WHAT TO WORK ON:
Repeat the lines of the data exactly and exclude any picture among them.

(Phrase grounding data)
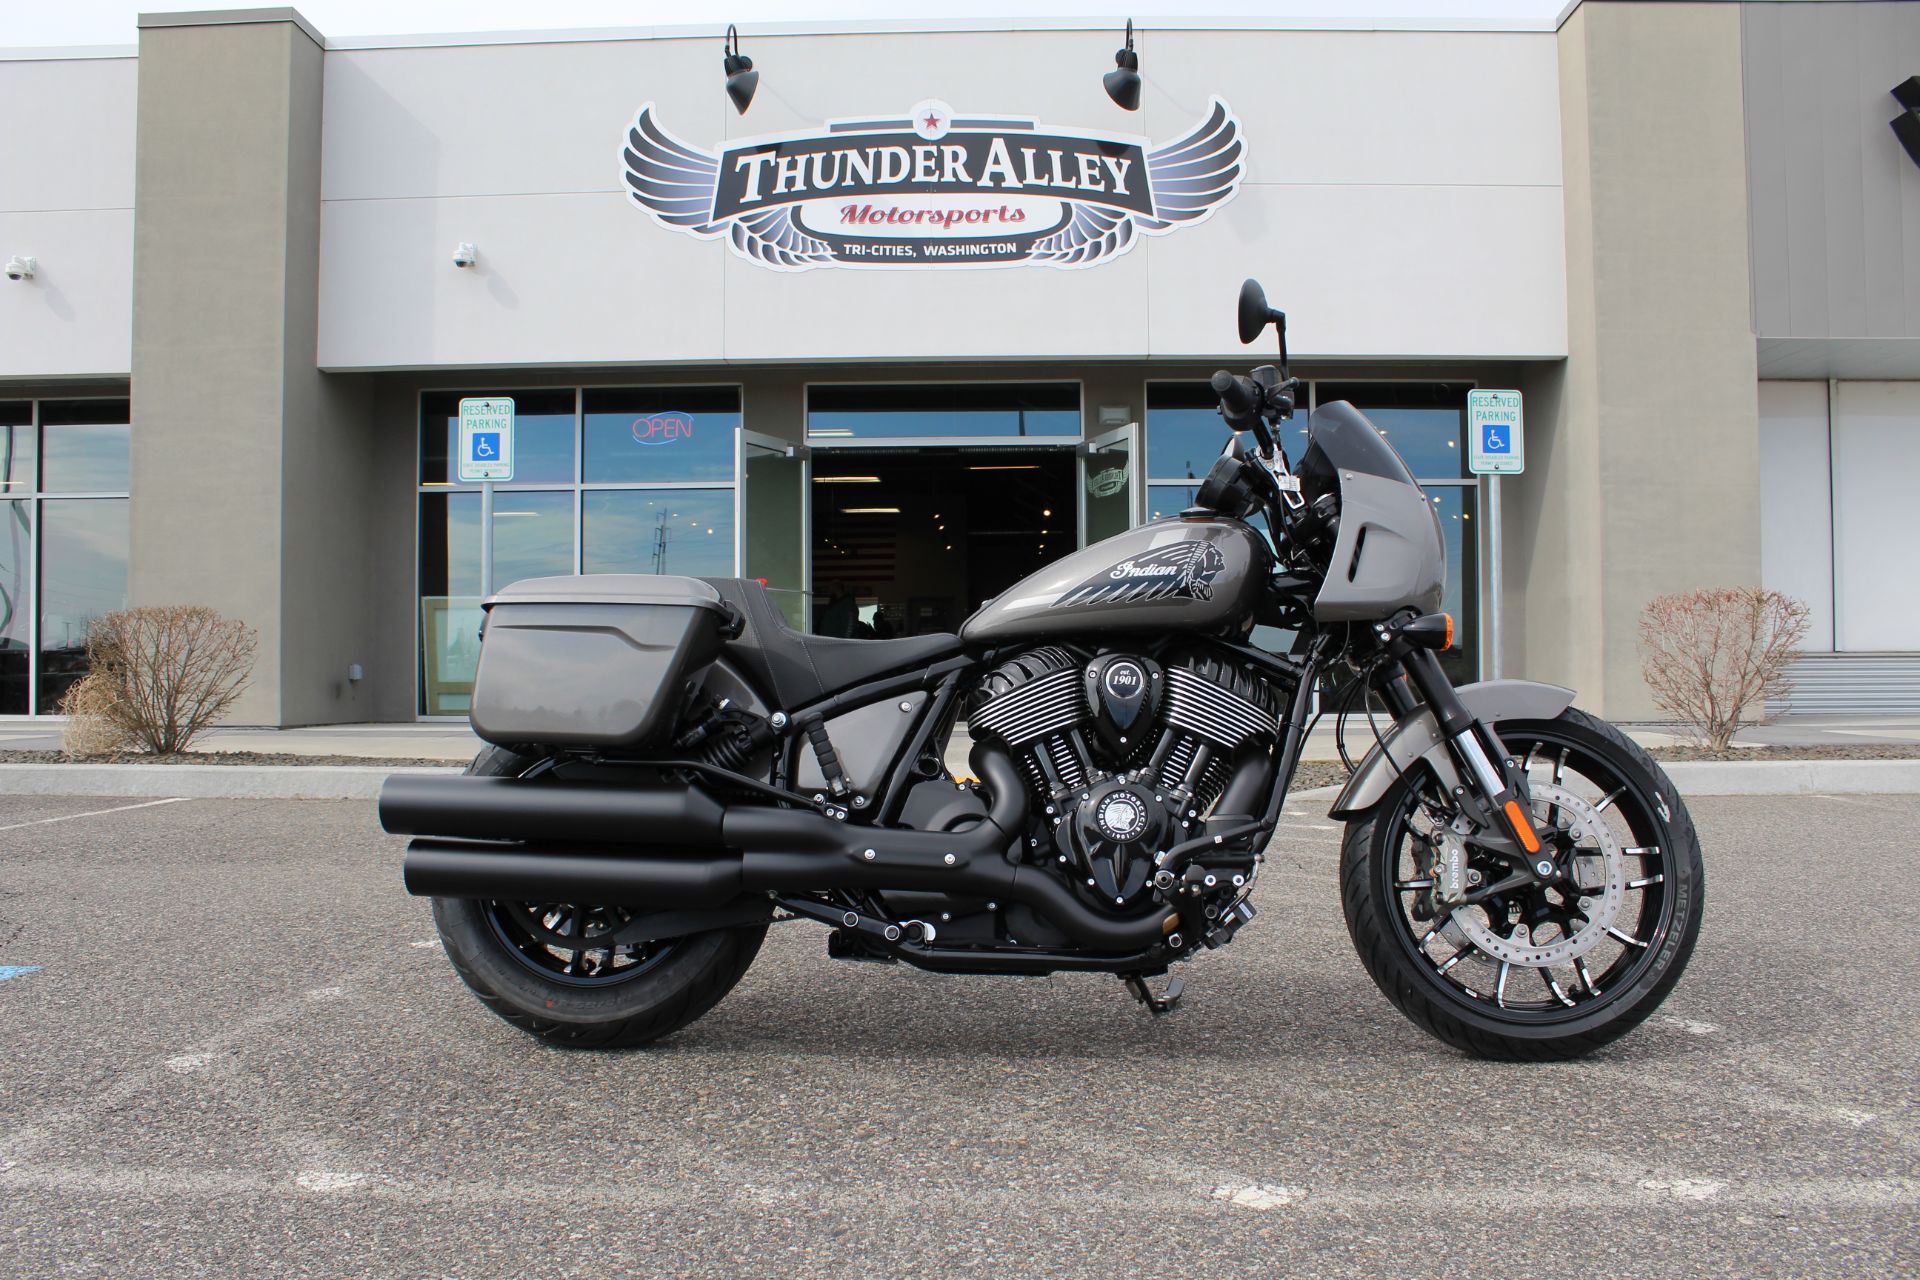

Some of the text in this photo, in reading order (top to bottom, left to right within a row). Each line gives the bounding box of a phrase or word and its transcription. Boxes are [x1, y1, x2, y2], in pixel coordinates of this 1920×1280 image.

[735, 137, 1132, 203] THUNDER ALLEY
[840, 204, 1026, 229] Motorsports
[843, 242, 1017, 258] TRI-CITIES, WASHINGTON
[463, 404, 511, 416] RESERVED
[1472, 396, 1519, 408] RESERVED
[466, 418, 507, 430] PARKING
[1476, 410, 1516, 422] PARKING
[632, 417, 692, 438] OPEN
[1109, 560, 1178, 579] Indian
[1112, 675, 1137, 686] 1901
[1098, 792, 1146, 832] INDIAN MOTORCYCLE
[1449, 849, 1459, 889] brembo
[1654, 884, 1688, 970] METZELER

RESPONSE AREA:
Some of the text in this photo, in reading order (top to bottom, left to right within a row). Each line gives the bounding box of a phrase or word and its transcription. Boxes are [x1, y1, x2, y2], in pixel coordinates of this 1920×1280 image.

[735, 137, 1132, 203] THUNDER ALLEY
[840, 204, 1026, 229] Motorsports
[843, 242, 1017, 258] TRI-CITIES, WASHINGTON
[463, 404, 511, 416] RESERVED
[1472, 396, 1519, 408] RESERVED
[466, 418, 507, 430] PARKING
[1476, 410, 1516, 422] PARKING
[632, 417, 692, 438] OPEN
[1109, 560, 1178, 579] Indian
[1112, 675, 1137, 686] 1901
[1098, 792, 1146, 832] INDIAN MOTORCYCLE
[1449, 849, 1459, 889] brembo
[1654, 884, 1688, 970] METZELER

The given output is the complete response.